TERRE HAUTE, Ind. — Bernard Amadei, founding president of the Engineers Without Borders organization, will visit Rose-Hulman Institute of Technology on Tuesday, March 18, to make a presentation about how people can use their talents to address challenging global issues.

The event, free and open to the public, will begin at 7 p.m. in the Kahn Rooms of the Hulman Memorial Student Union. It is being sponsored by Rose-Hulman’s Leadership Advancement Program (LAP) and Grand Challenges Group.

Amadei is the Mortenson Endowed Chair in Global Engineering and a professor of civil engineering at the University of Colorado at Boulder. He is a member of the National Academy of Engineering (NAE), which in 2008 developed the list of 14 worldwide Grand Challenges of Engineering, and he is working to educate engineering students to have a life-changing role in substantive, sustainable engineering projects in the developing world.

During his Rose-Hulman visit, Amadei will also meet with members of the institute’s Engineers Without Borders (EWB) student chapter and this year’s LAP student class.

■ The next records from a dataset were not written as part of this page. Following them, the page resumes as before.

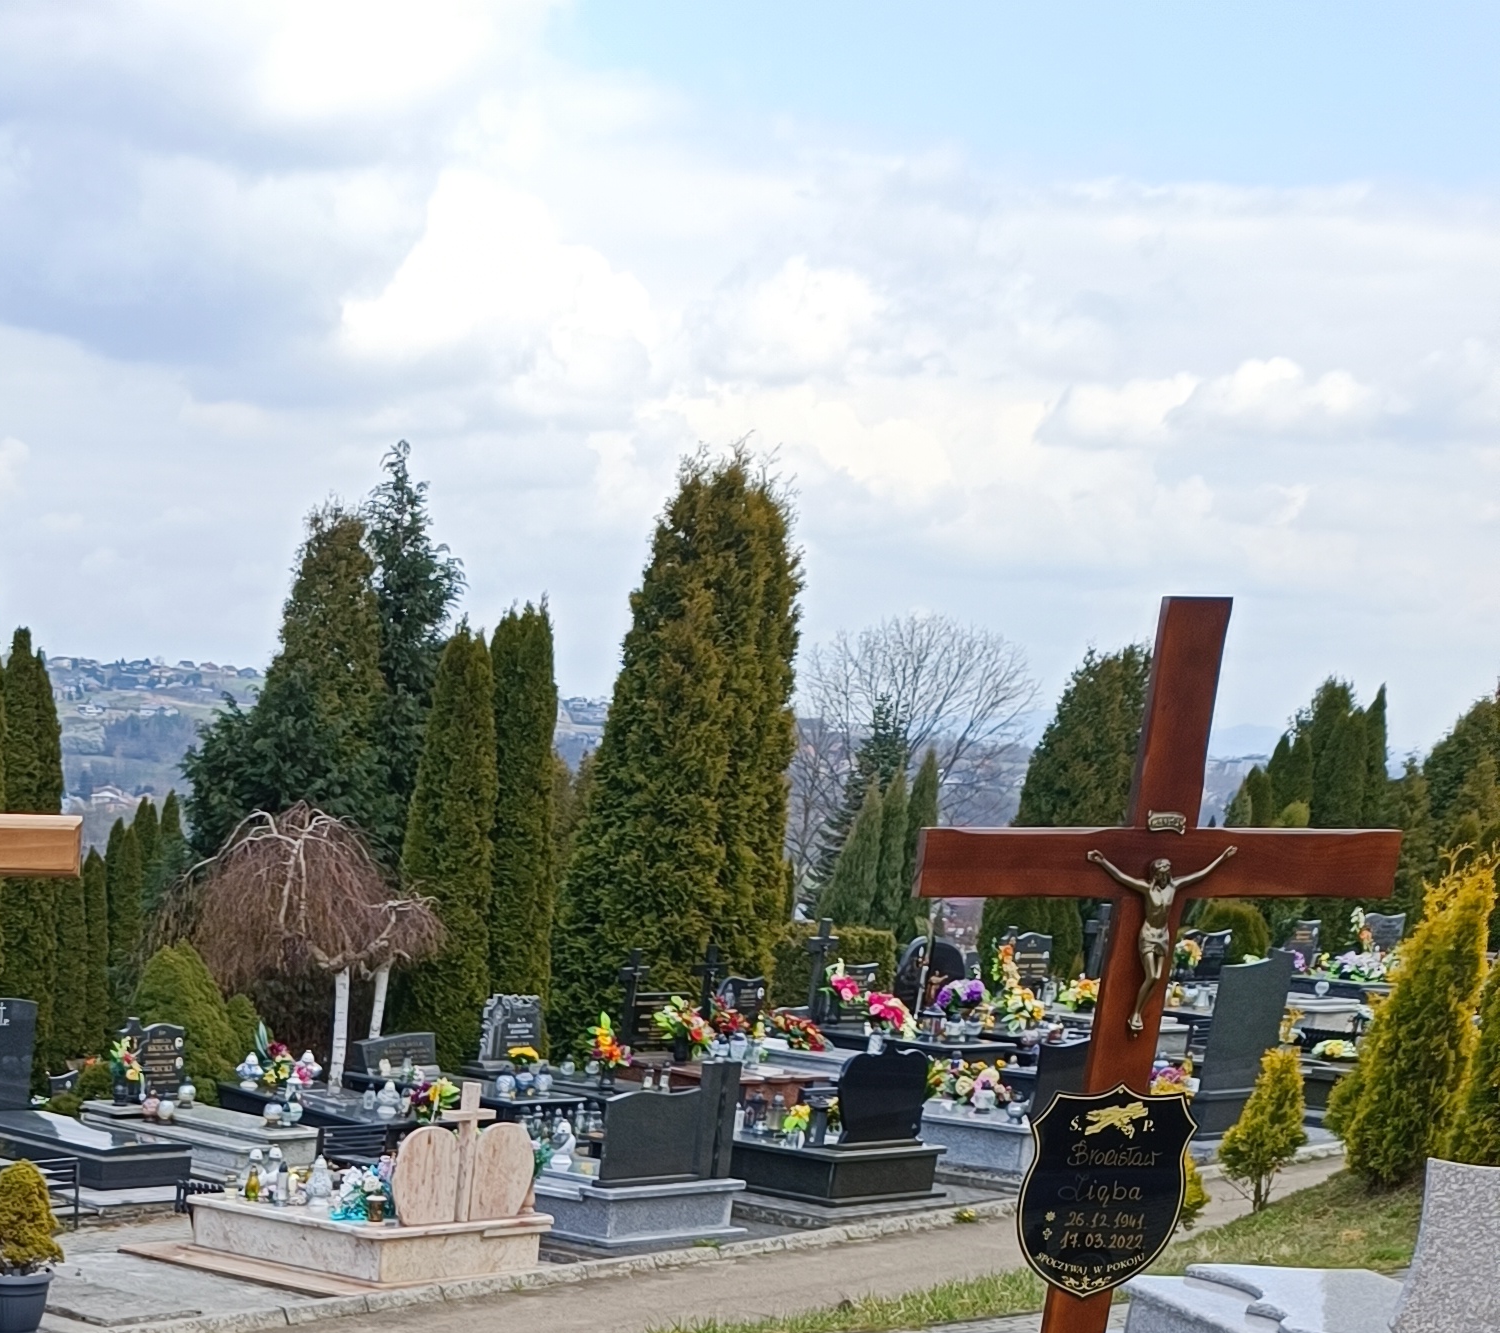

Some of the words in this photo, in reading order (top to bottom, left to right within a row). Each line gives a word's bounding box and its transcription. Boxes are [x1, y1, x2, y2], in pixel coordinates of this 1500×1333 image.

[1069, 1115, 1082, 1131] Ś.
[1142, 1119, 1155, 1132] P.
[1035, 1252, 1088, 1275] SPOCZYWAJ
[1093, 1265, 1104, 1274] W
[1106, 1253, 1146, 1273] POKOJU
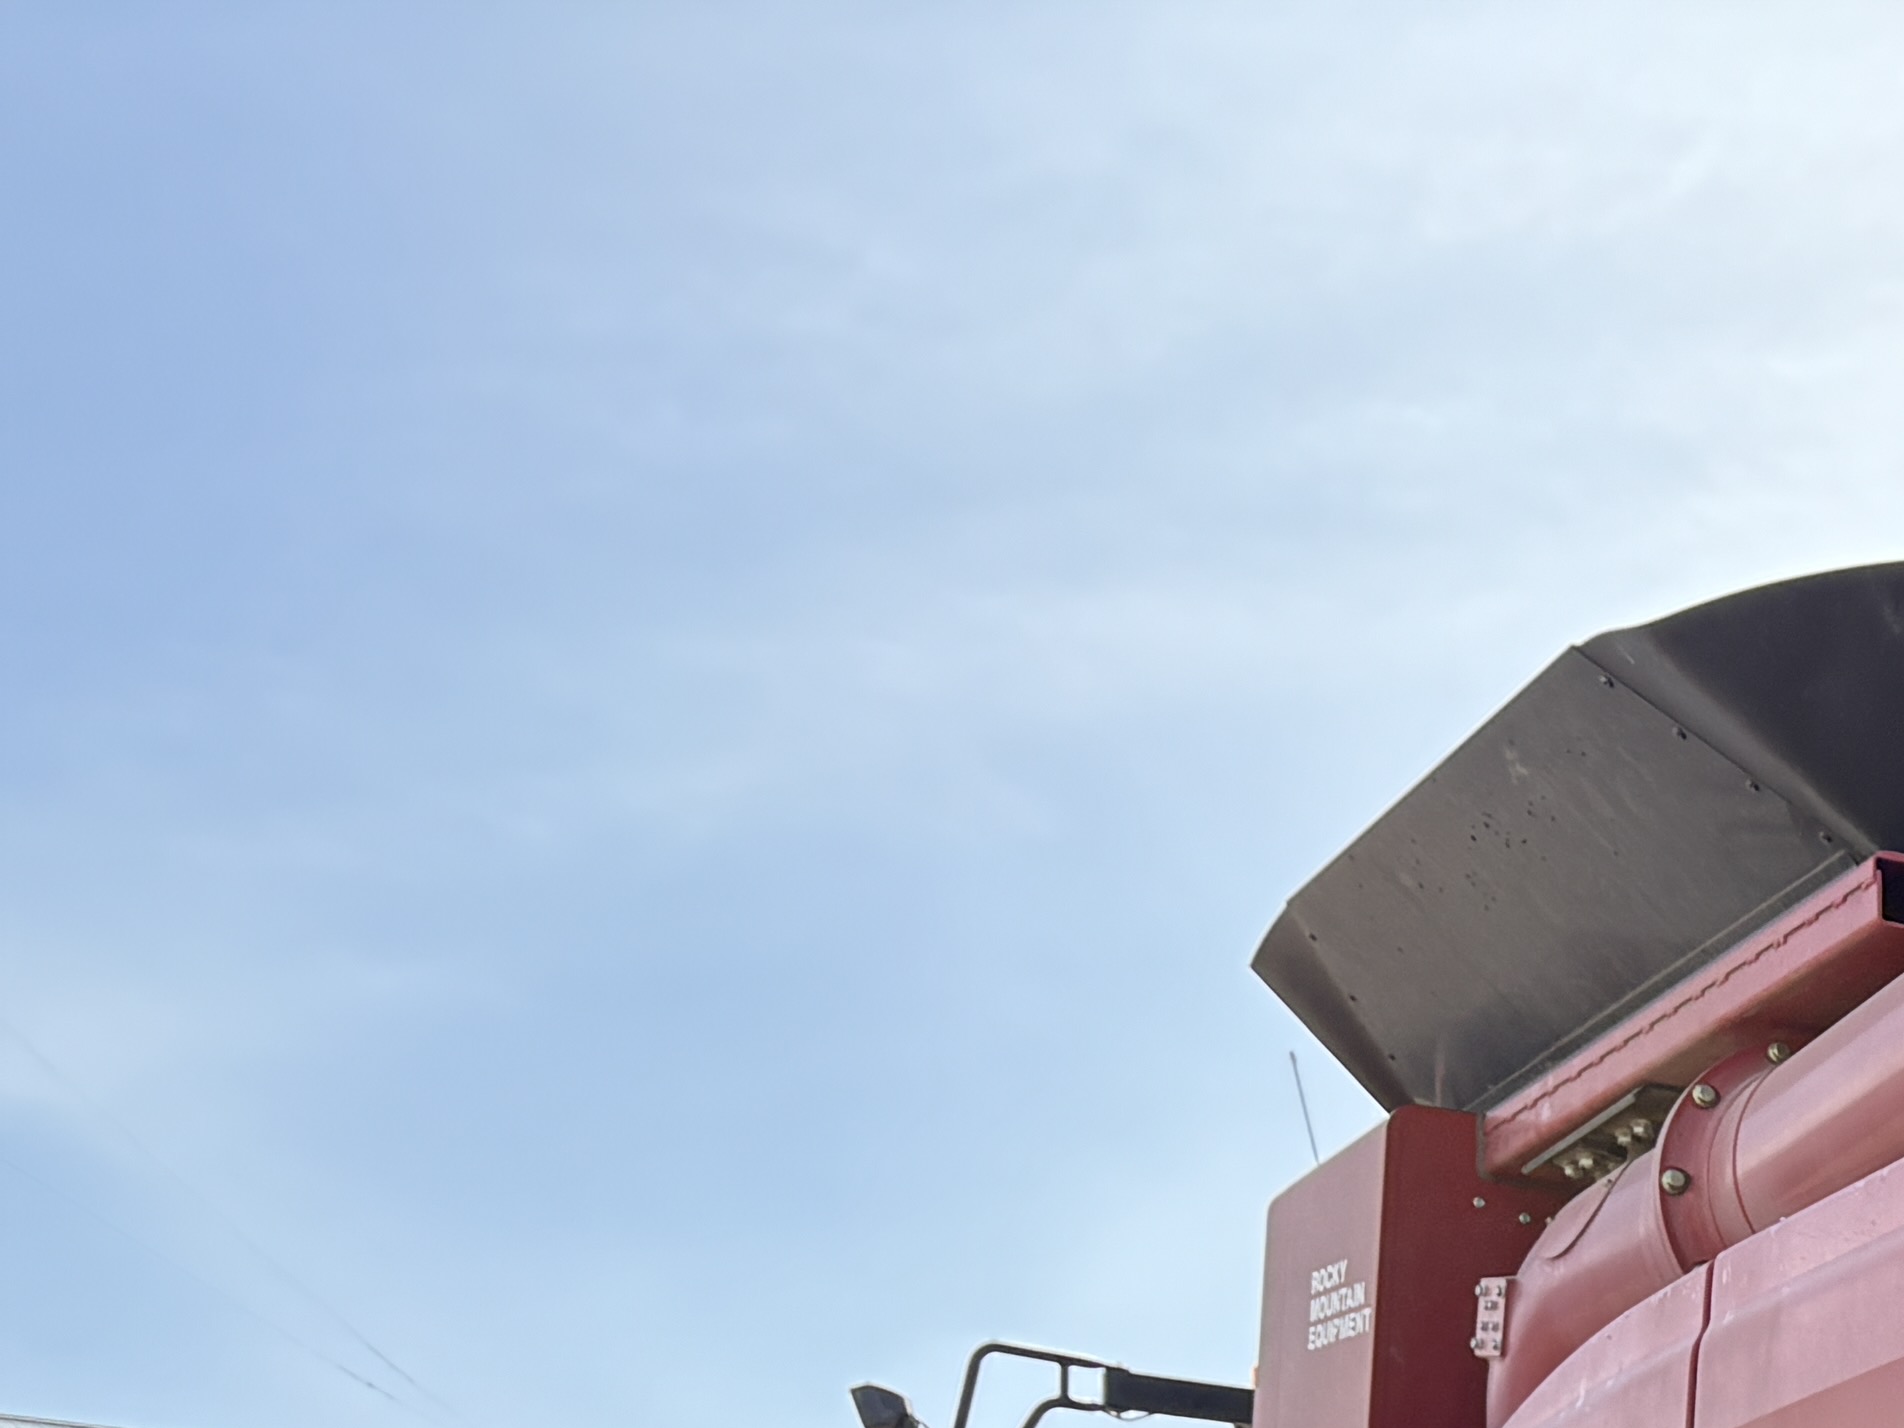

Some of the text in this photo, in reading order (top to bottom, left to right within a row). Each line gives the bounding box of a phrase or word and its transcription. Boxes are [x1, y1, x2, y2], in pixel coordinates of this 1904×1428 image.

In 2002, Amadei created Engineers Without Borders-USA (EWB-USA), a non-profit organization that pairs American college students with engineering professionals to create sustainable, lasting projects in developing countries. Currently, there are 13,800 members impacting the lives of more than 2.5 million people around the world, and an EBW-International network has established another 45 chapters.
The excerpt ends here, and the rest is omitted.